[Pkg-rust-maintainers] debcargo and dh-cargo ready for production use; sponsor request
infinity0 at debian.org
Thu Dec 8 17:29:00 UTC 2016
> For the .orig.tar.gz, I could just compare it to the .crate file and
> only error out if it differs.
> Overwriting the actual source directory seems sufficiently dangerous
> (since you might have edited it) that I think it makes sense to require
> the user to delete or move aside the source directory first. I could
> add a message saying to remove it if you want to regenerate it, though.
Yeah, that would be fine - something that the user could copy and paste back into their shell to run, for convenience.

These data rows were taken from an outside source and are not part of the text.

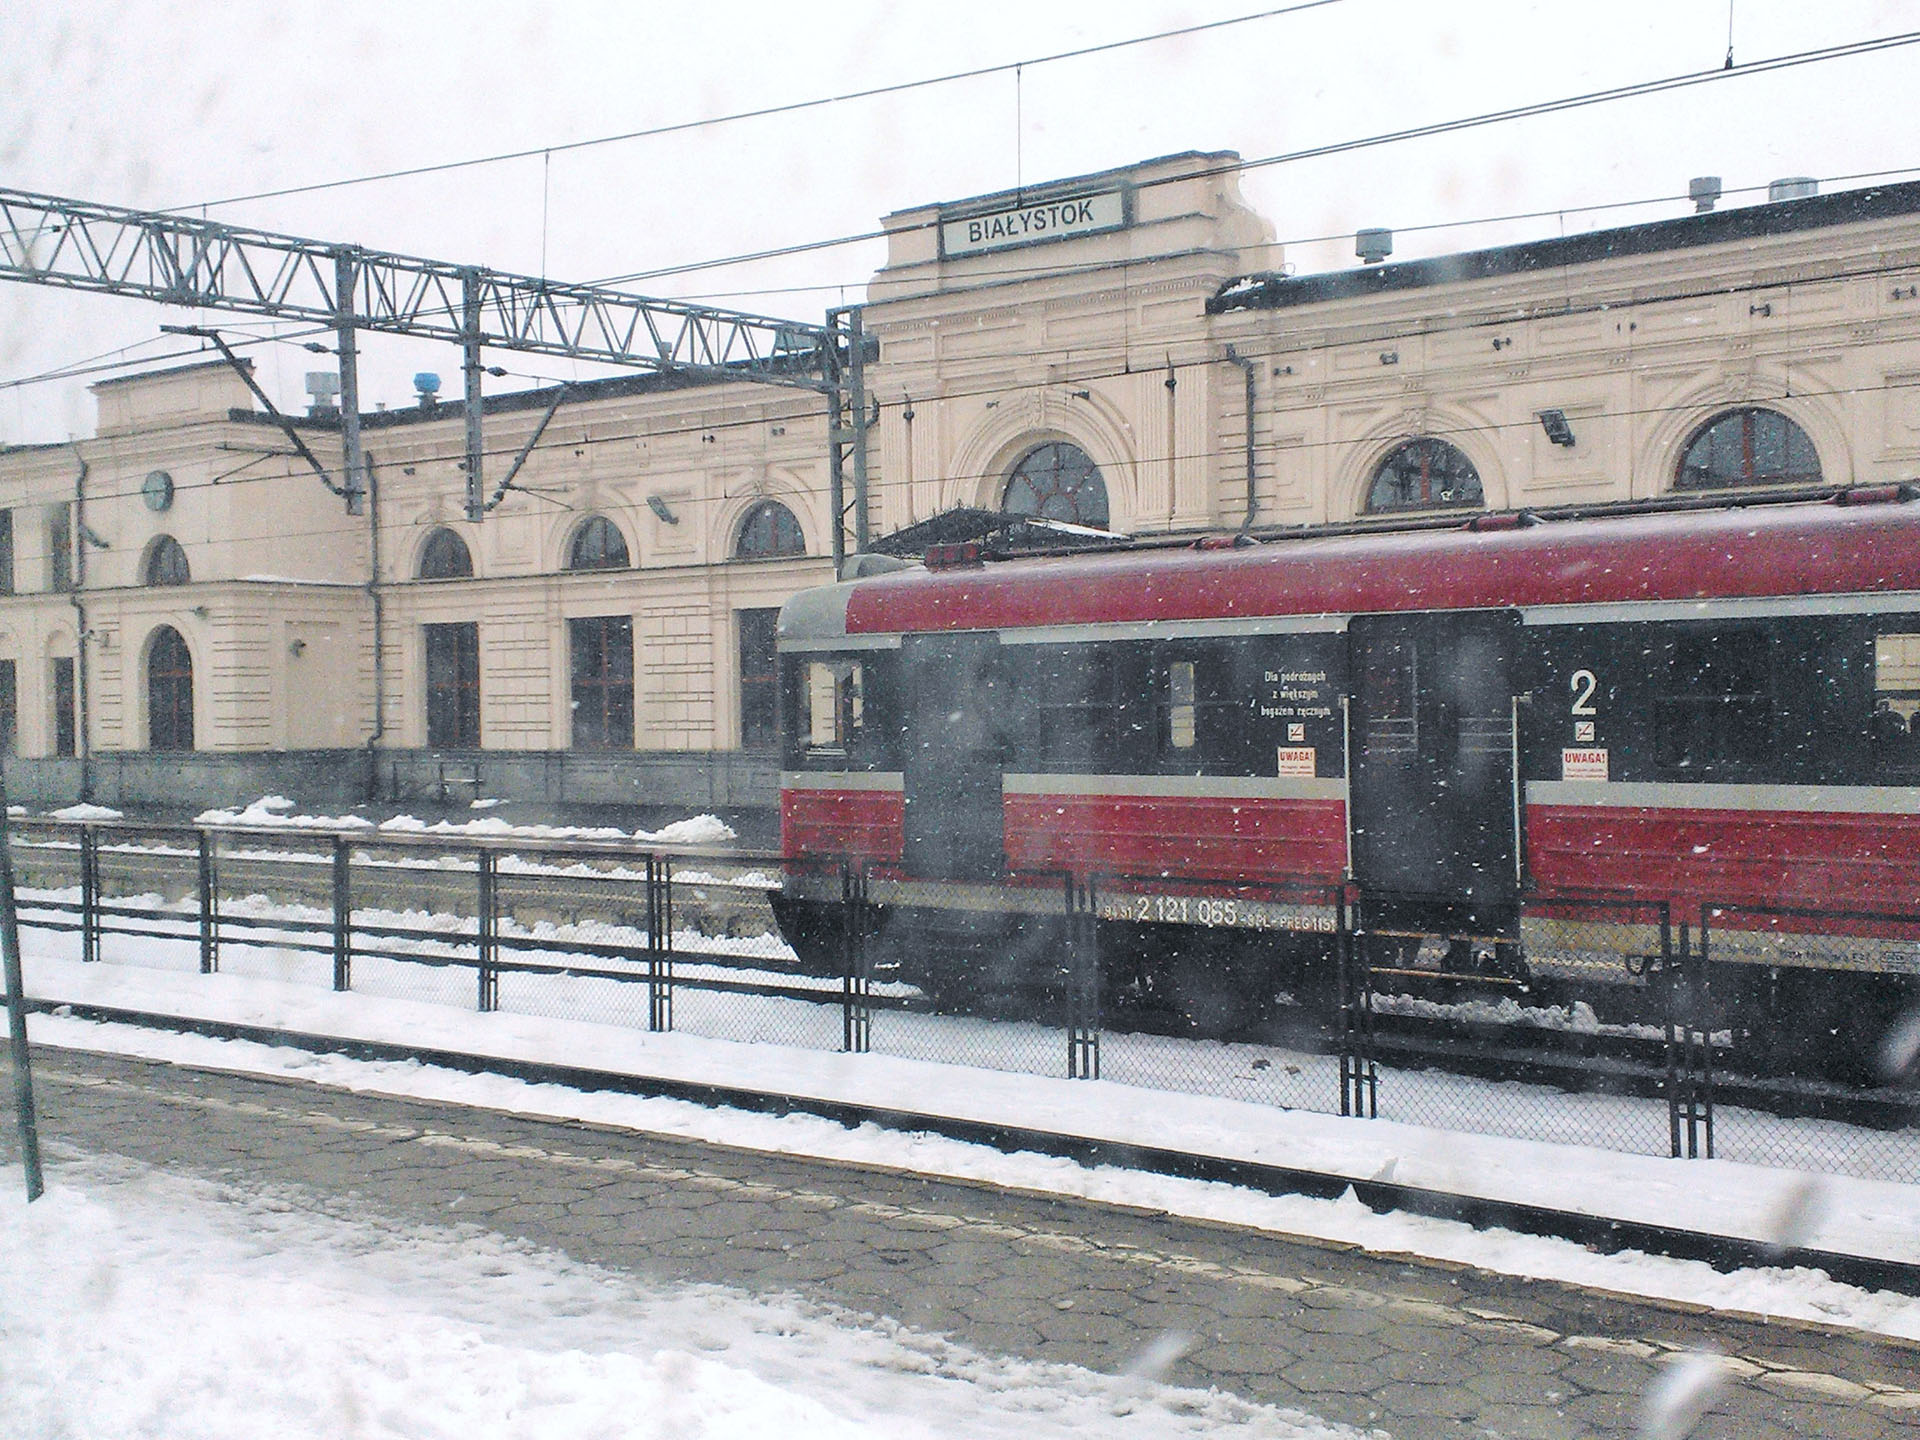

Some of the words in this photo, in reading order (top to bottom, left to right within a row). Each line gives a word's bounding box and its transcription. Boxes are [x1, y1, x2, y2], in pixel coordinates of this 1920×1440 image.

[968, 199, 1094, 243] BIAŁYSTOK
[1264, 671, 1278, 682] Dla
[1272, 690, 1278, 699] z
[1570, 669, 1597, 715] 2
[1280, 751, 1313, 761] UWAGA!
[1565, 752, 1605, 763] UWAGA!
[1137, 896, 1150, 919] 2
[1156, 897, 1188, 921] 121

> Or, alternatively, I could have an option to write the new source
> directory with a .debcargo suffix or similar, which would make it easy
> to diff and merge in. And I do like the idea of generating it into a
> dedicated git branch, too.
For easy merging you'd need 3 directories - the edited tree, the original unedited autogenerated tree, and the newer autogenerated tree. So I think working directly on a git repo would be better than trying to "emulate" it awkwardly with multiple directories.

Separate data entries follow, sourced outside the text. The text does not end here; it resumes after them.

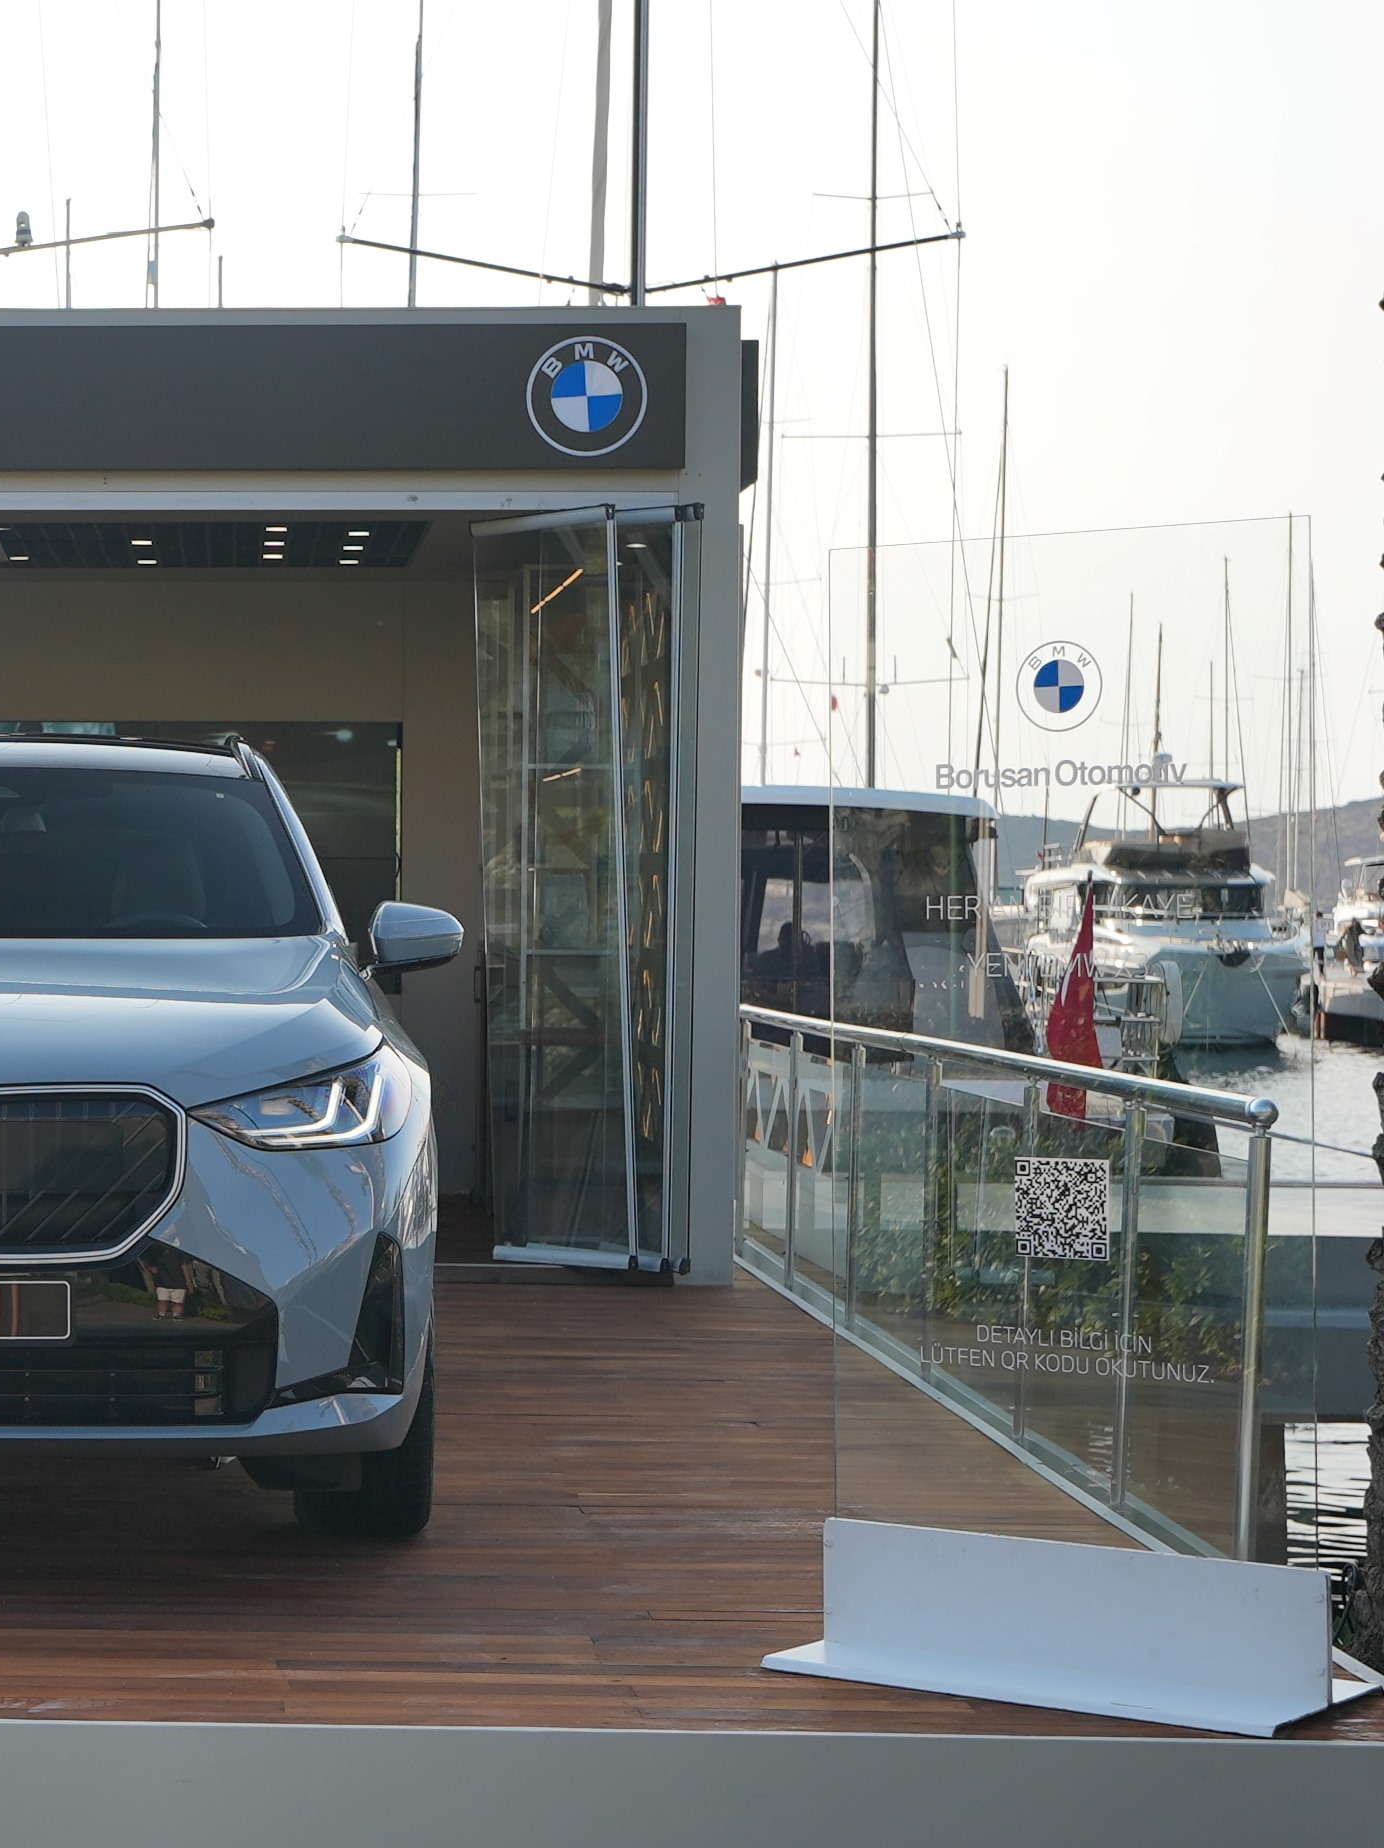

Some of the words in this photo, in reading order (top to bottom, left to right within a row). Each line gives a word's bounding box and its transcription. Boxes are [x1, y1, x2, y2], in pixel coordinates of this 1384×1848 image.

[541, 343, 630, 379] BMW
[1028, 645, 1092, 671] BMW
[935, 762, 1051, 790] Borusan
[1054, 758, 1188, 787] Otomotiv
[925, 894, 982, 921] HER
[976, 1324, 1055, 1348] DETAYLI
[1059, 1326, 1109, 1351] BİLGİ
[919, 1342, 995, 1368] LÜTFEN
[1000, 1350, 1030, 1372] QR
[1034, 1352, 1090, 1376] KODU
[1095, 1356, 1216, 1385] OKUTUNUZ.

> As mentioned on IRC, we often don't have enough information to fill out
> DEP-5, because many crates (intentionally) don't include copyright
> notices, just license notices, and DEP-5 makes the "Copyright:" field
> mandatory. I don't think it makes sense to use an
> almost-but-not-quite-DEP-5 format, because any tools expecting a
> machine-readable DEP-5 would fail to parse that format; better to look
> obviously not machine-readable. If you'd like to see these copyright
> files use DEP-5, I'd suggest proposing a revision to DEP-5 to make the
> "Copyright:" field optional, for the case when no copyright notices
> exist upstream, which would allow us to generate a DEP-5-formatted
> copyright file for every crate. In that case, I'd happily implement
> DEP-5 generation.
In the cases where the crates don't self-identify the authorship, you can just default this to "Copyright: <year> <crate-name> authors". This is fine, I've done this in several packages before, and I haven't had my packages rejected by the FTP masters for that yet. It is more for information about authorship, rather than being a formal legal copyright notice. That is already contained (or not) in the rest of the upstream package, which we wouldn't be removing.

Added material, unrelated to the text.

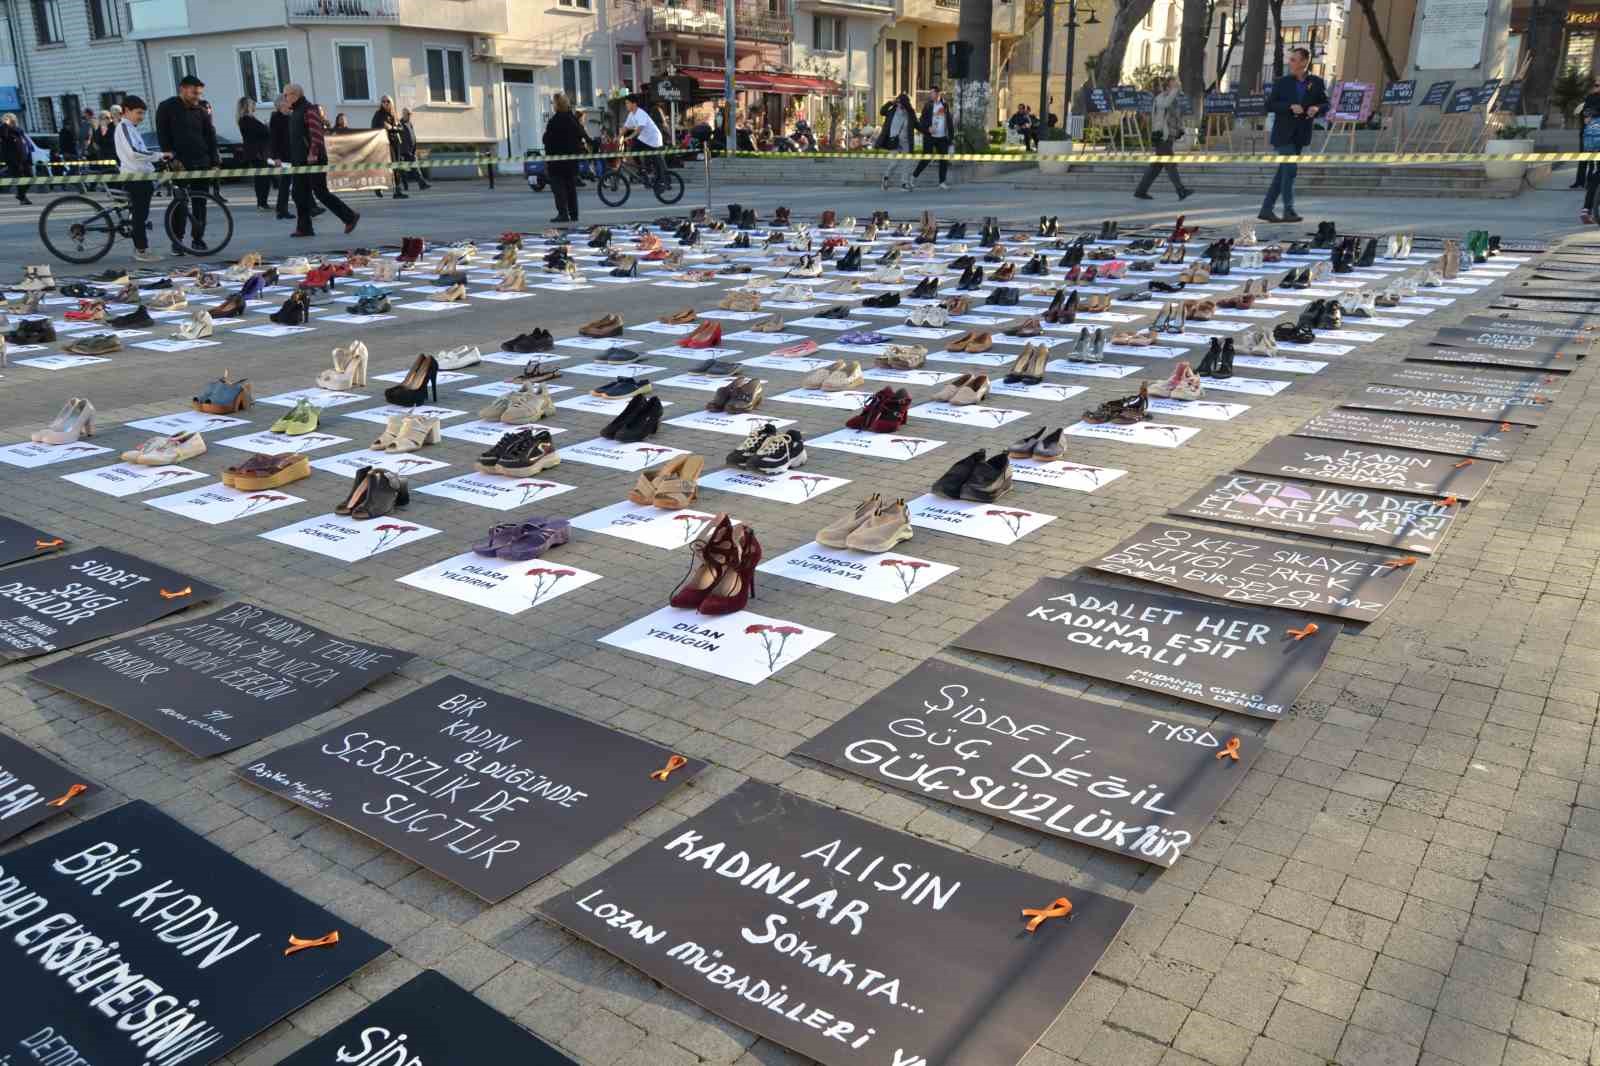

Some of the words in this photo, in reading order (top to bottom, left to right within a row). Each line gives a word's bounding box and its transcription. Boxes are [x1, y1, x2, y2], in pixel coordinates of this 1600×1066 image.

Anyway, even if it was not fine, I don't think it makes sense to let the fraction of packages that don't have this information, affect the ability to generate DEP-5 for the other crates. I can write the patch myself if you don't want to, I really do think this is better for Debian in the long run. Everyone is used to this format now, our eyes are trained to read this quickly.
Yes the Copyright: field probably should be optional for those anonymous projects, but it takes a lot of effort to make minor amendments like this to policy. There's lots of things in Debian that we do "by convention" that would ideally be Debian Policy, it's something you get used to. In fact there are many other annoyances of DEP-5 that I also have an interest in fixing, so if you care about it I would be up for submitting a format-1.1 proposal at some point. For now, please let's just stop reading too much into the "mandatory" part.
>>> If we can't successfully manage that, then as another alternative that I
>>> think I'd prefer, I'd like to make debcargo parse one or more input
>>> configuration files that specify tweaks for various crate packages.
>>> Temporary description overrides, additional dependencies, --bin and
>>> --bin-name values, dependency version overrides, etc. That way, in the
>>> spirit of "don't check generated files into version control", the entire
>>> auto-generated Debian packaging can stay *out* of version control, and
>>> we can just check in the configuration files that control the
>>> automation. We could then maintain a single repository with the
>>> half-dozen configuration files needed across a hundred crates, rev them
>>> as needed, and run some kind of "debcargo --recursive" to generate all
>>> the new or updated source packages. (Those configuration files would
>>> then shrink or disappear as we find ways to upstream those tweaks.)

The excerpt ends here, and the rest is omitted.